[Opening INFORMATION GIVEN section]
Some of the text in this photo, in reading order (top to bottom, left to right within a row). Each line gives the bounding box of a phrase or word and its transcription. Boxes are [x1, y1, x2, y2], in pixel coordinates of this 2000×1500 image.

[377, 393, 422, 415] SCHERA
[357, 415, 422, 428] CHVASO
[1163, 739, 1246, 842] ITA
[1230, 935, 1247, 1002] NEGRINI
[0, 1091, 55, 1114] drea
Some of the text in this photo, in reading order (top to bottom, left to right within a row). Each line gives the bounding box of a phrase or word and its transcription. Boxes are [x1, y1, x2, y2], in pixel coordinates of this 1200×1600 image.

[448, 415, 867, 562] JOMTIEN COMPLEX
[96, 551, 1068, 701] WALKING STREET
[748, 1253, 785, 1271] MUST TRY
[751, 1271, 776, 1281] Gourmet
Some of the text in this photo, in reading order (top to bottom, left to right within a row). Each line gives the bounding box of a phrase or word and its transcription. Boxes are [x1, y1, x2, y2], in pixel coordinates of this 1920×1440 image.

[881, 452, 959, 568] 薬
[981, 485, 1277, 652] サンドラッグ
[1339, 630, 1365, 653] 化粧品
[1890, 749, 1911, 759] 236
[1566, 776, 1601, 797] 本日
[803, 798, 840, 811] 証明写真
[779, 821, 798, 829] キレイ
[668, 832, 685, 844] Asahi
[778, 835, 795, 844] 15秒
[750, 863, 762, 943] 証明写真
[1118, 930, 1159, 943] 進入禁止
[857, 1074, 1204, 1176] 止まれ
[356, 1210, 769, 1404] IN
[Closing INFORMATION GIVEN section]
▶ **AIM OF THE EXERCISE**:
Please copy exactly, and only, the lines from the line containing "this 1920×1440 image." through the last line of the records, with both ends included.

▶ **RESULT FOR THIS TASK**:
Some of the text in this photo, in reading order (top to bottom, left to right within a row). Each line gives the bounding box of a phrase or word and its transcription. Boxes are [x1, y1, x2, y2], in pixel coordinates of this 1920×1440 image.

[881, 452, 959, 568] 薬
[981, 485, 1277, 652] サンドラッグ
[1339, 630, 1365, 653] 化粧品
[1890, 749, 1911, 759] 236
[1566, 776, 1601, 797] 本日
[803, 798, 840, 811] 証明写真
[779, 821, 798, 829] キレイ
[668, 832, 685, 844] Asahi
[778, 835, 795, 844] 15秒
[750, 863, 762, 943] 証明写真
[1118, 930, 1159, 943] 進入禁止
[857, 1074, 1204, 1176] 止まれ
[356, 1210, 769, 1404] IN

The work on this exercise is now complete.